> PROVIDED DATA
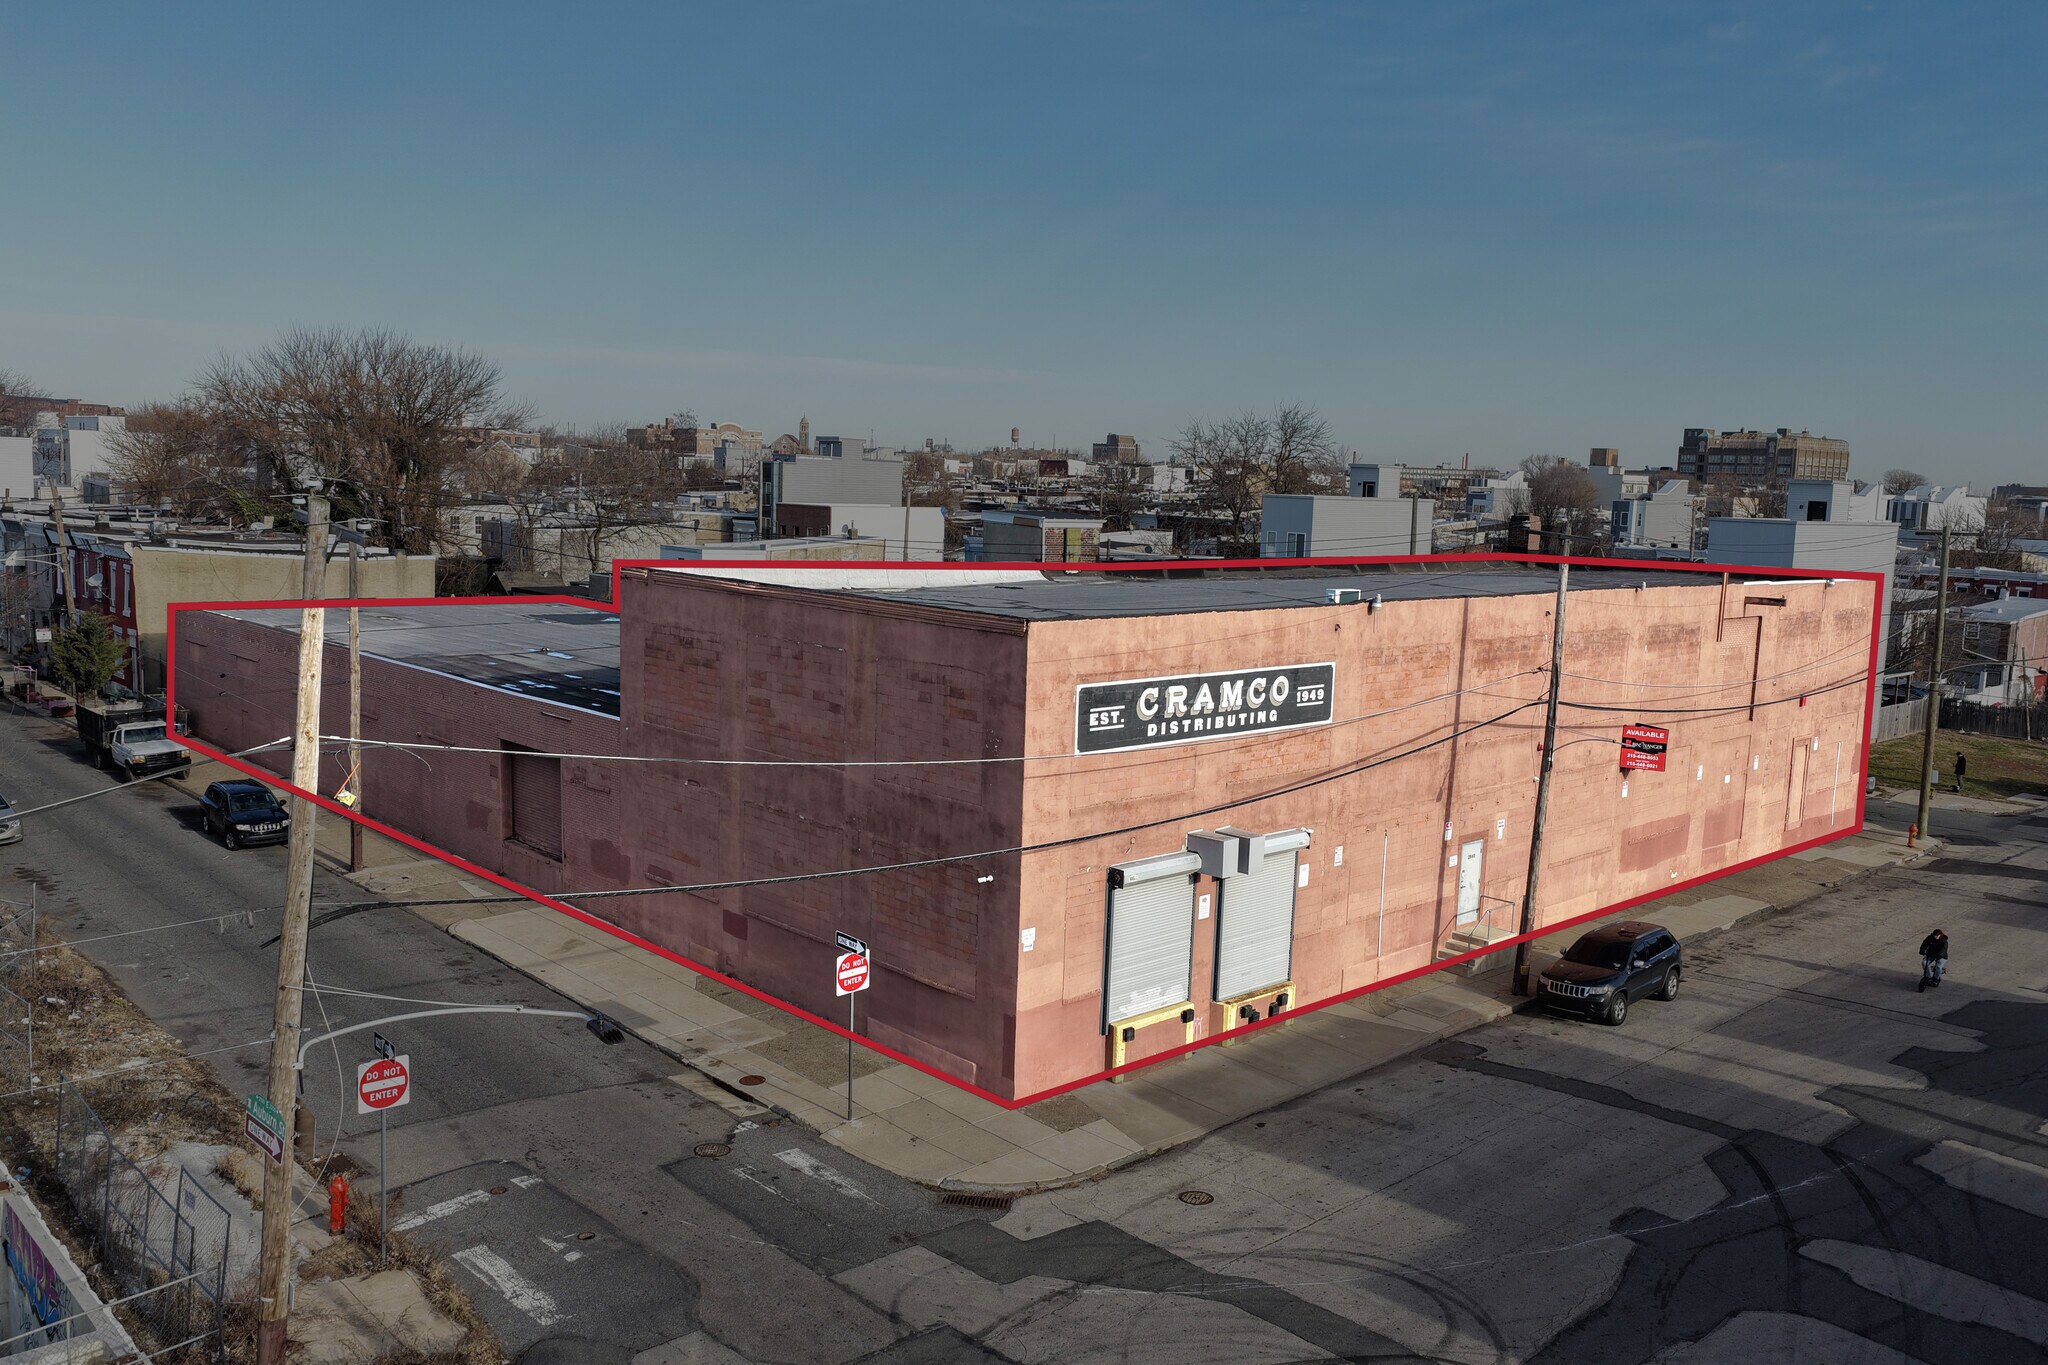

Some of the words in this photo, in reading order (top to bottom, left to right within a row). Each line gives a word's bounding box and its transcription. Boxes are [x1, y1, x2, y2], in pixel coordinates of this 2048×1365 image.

[1136, 675, 1290, 721] CRAMCO
[1296, 688, 1325, 702] 1949
[1089, 711, 1125, 726] EST.
[1147, 709, 1278, 737] DISTRIBUTING
[1626, 729, 1665, 739] AVAILABLE
[841, 962, 850, 971] DO
[852, 958, 864, 968] NOT
[843, 976, 863, 987] ENTER
[366, 1071, 379, 1081] DO
[383, 1066, 401, 1078] NOT
[369, 1088, 399, 1102] ENTER
[252, 1101, 277, 1130] Auburn
[278, 1121, 285, 1137] St
[250, 1122, 261, 1138] ONE
[262, 1133, 274, 1147] WAY
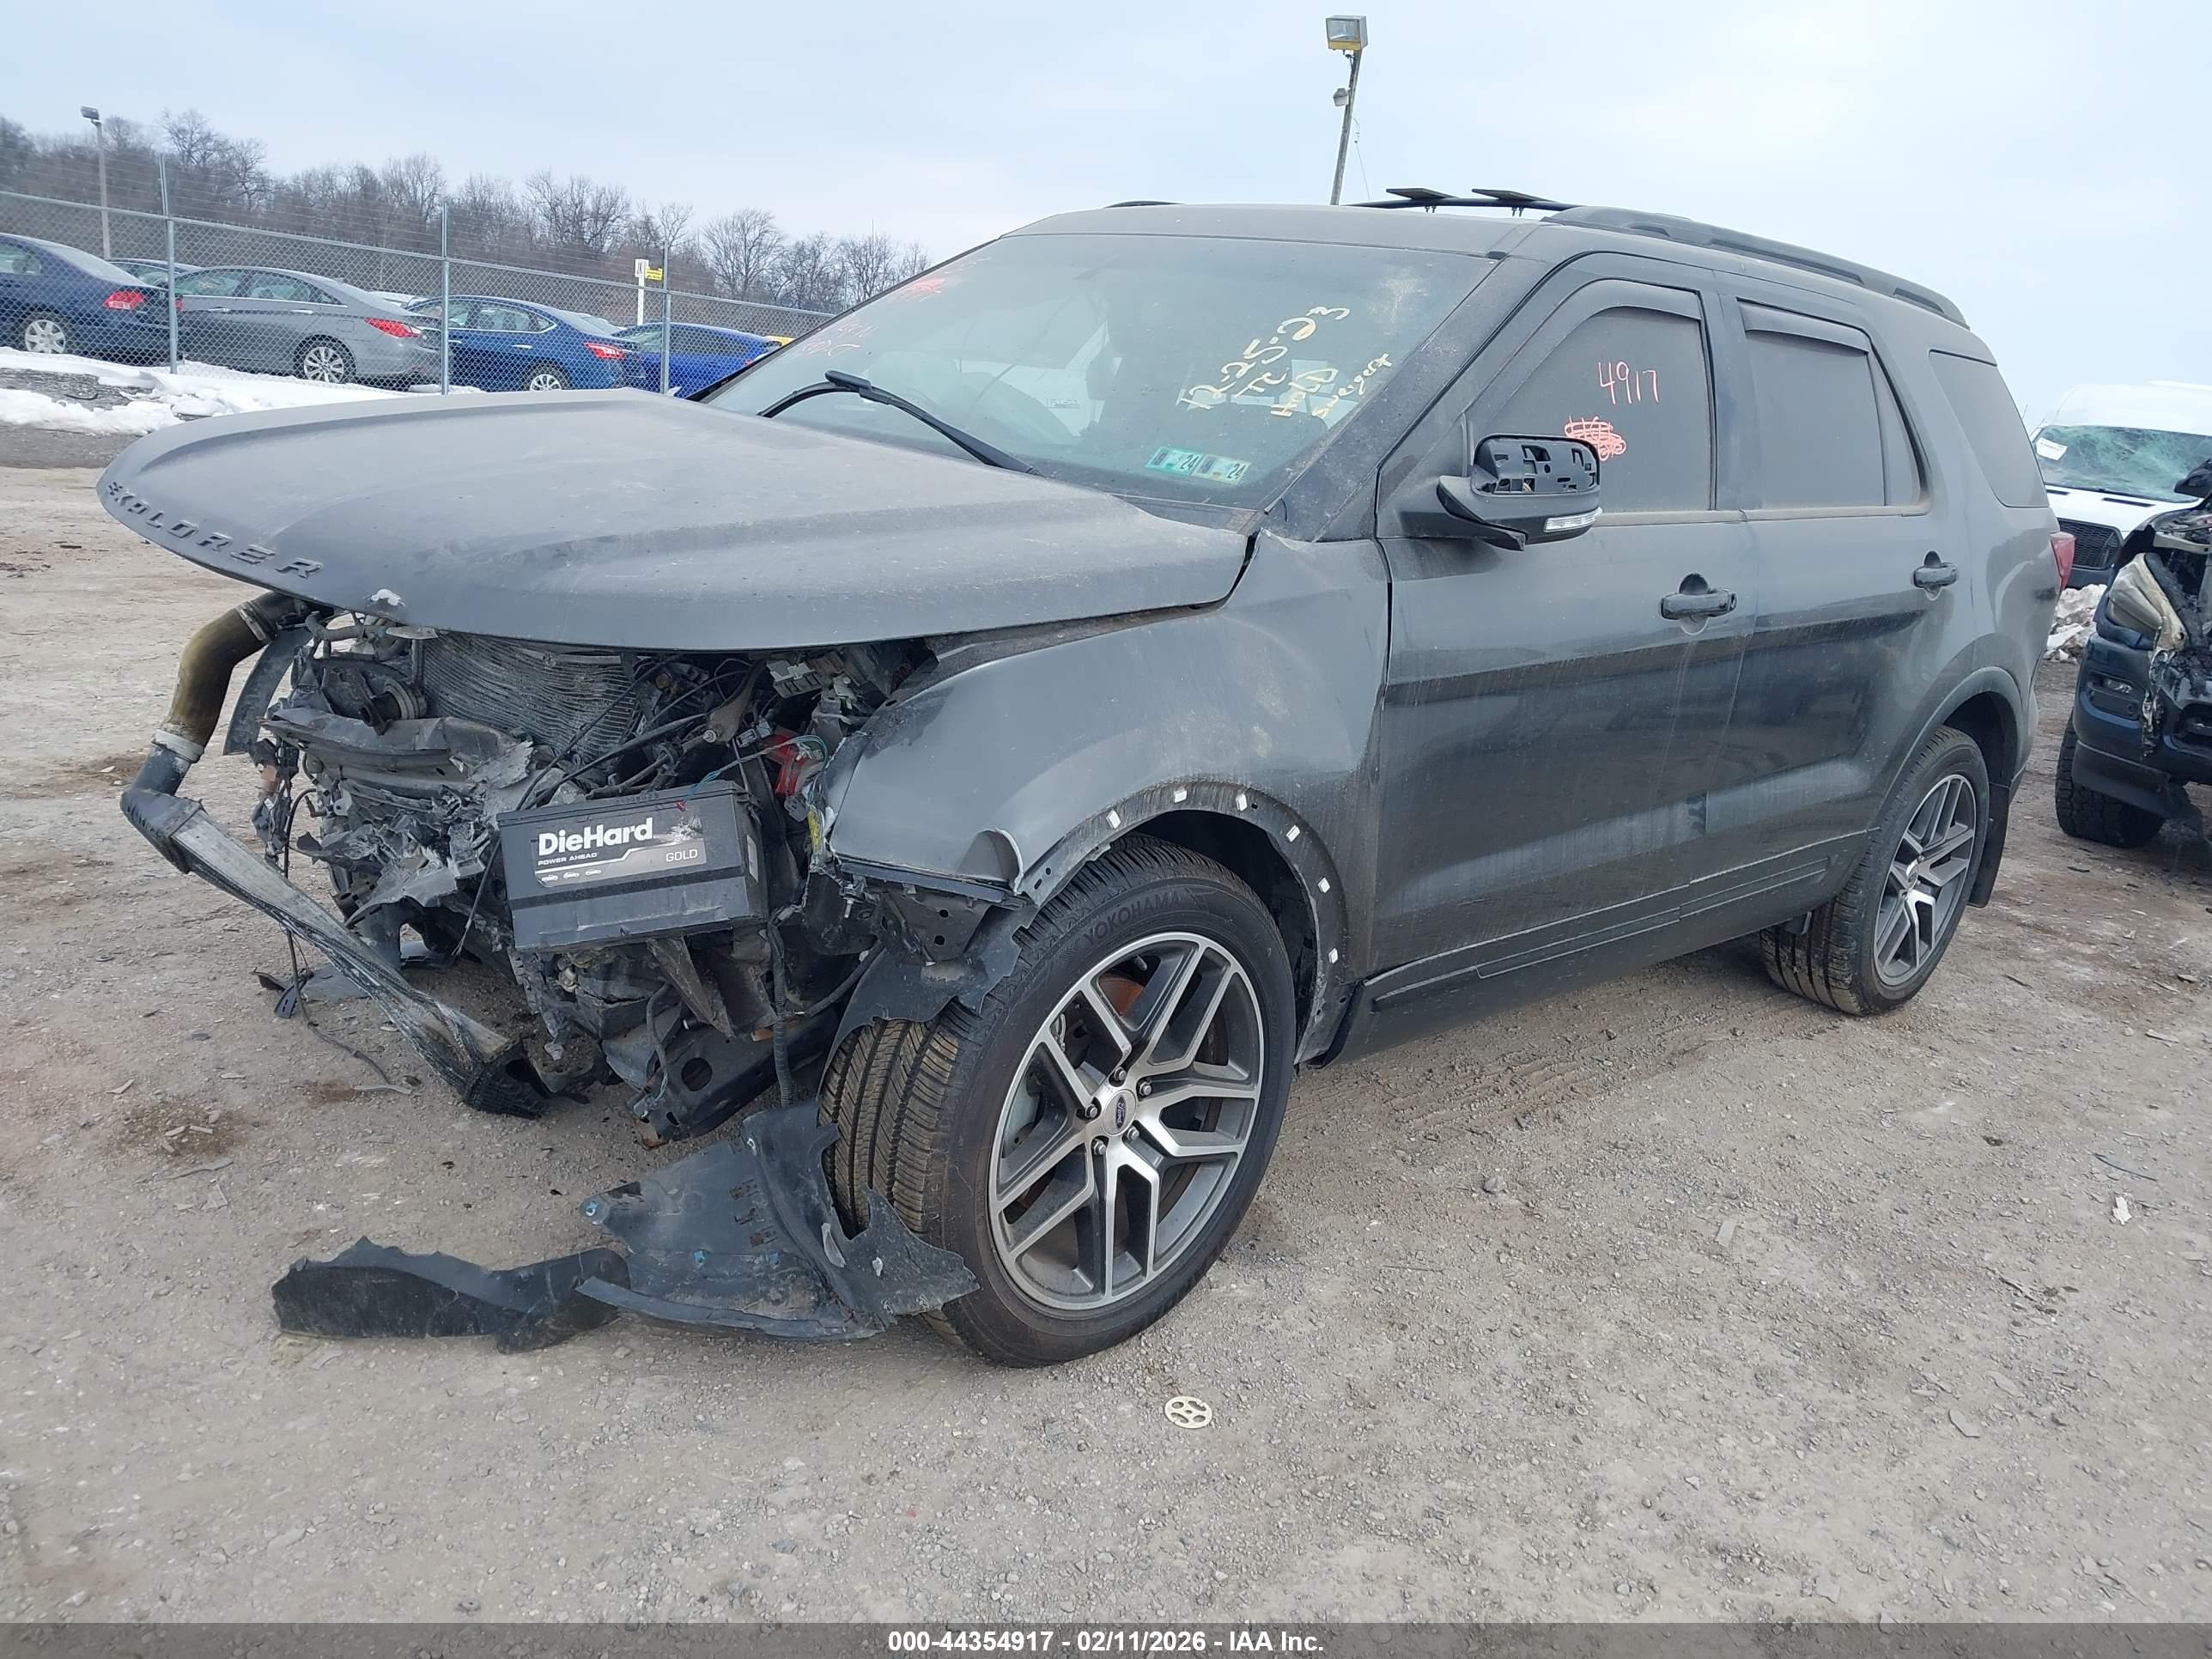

> YOUR TASK
Reproduce all of the data exactly, omitting each picture it holds.

> EXERCISE RESPONSE
Some of the words in this photo, in reading order (top to bottom, left to right within a row). Each line gives a word's bounding box and its transcription. Boxes are [x1, y1, x2, y2], in pixel coordinates of this 2048×1365 image.

[1136, 675, 1290, 721] CRAMCO
[1296, 688, 1325, 702] 1949
[1089, 711, 1125, 726] EST.
[1147, 709, 1278, 737] DISTRIBUTING
[1626, 729, 1665, 739] AVAILABLE
[841, 962, 850, 971] DO
[852, 958, 864, 968] NOT
[843, 976, 863, 987] ENTER
[366, 1071, 379, 1081] DO
[383, 1066, 401, 1078] NOT
[369, 1088, 399, 1102] ENTER
[252, 1101, 277, 1130] Auburn
[278, 1121, 285, 1137] St
[250, 1122, 261, 1138] ONE
[262, 1133, 274, 1147] WAY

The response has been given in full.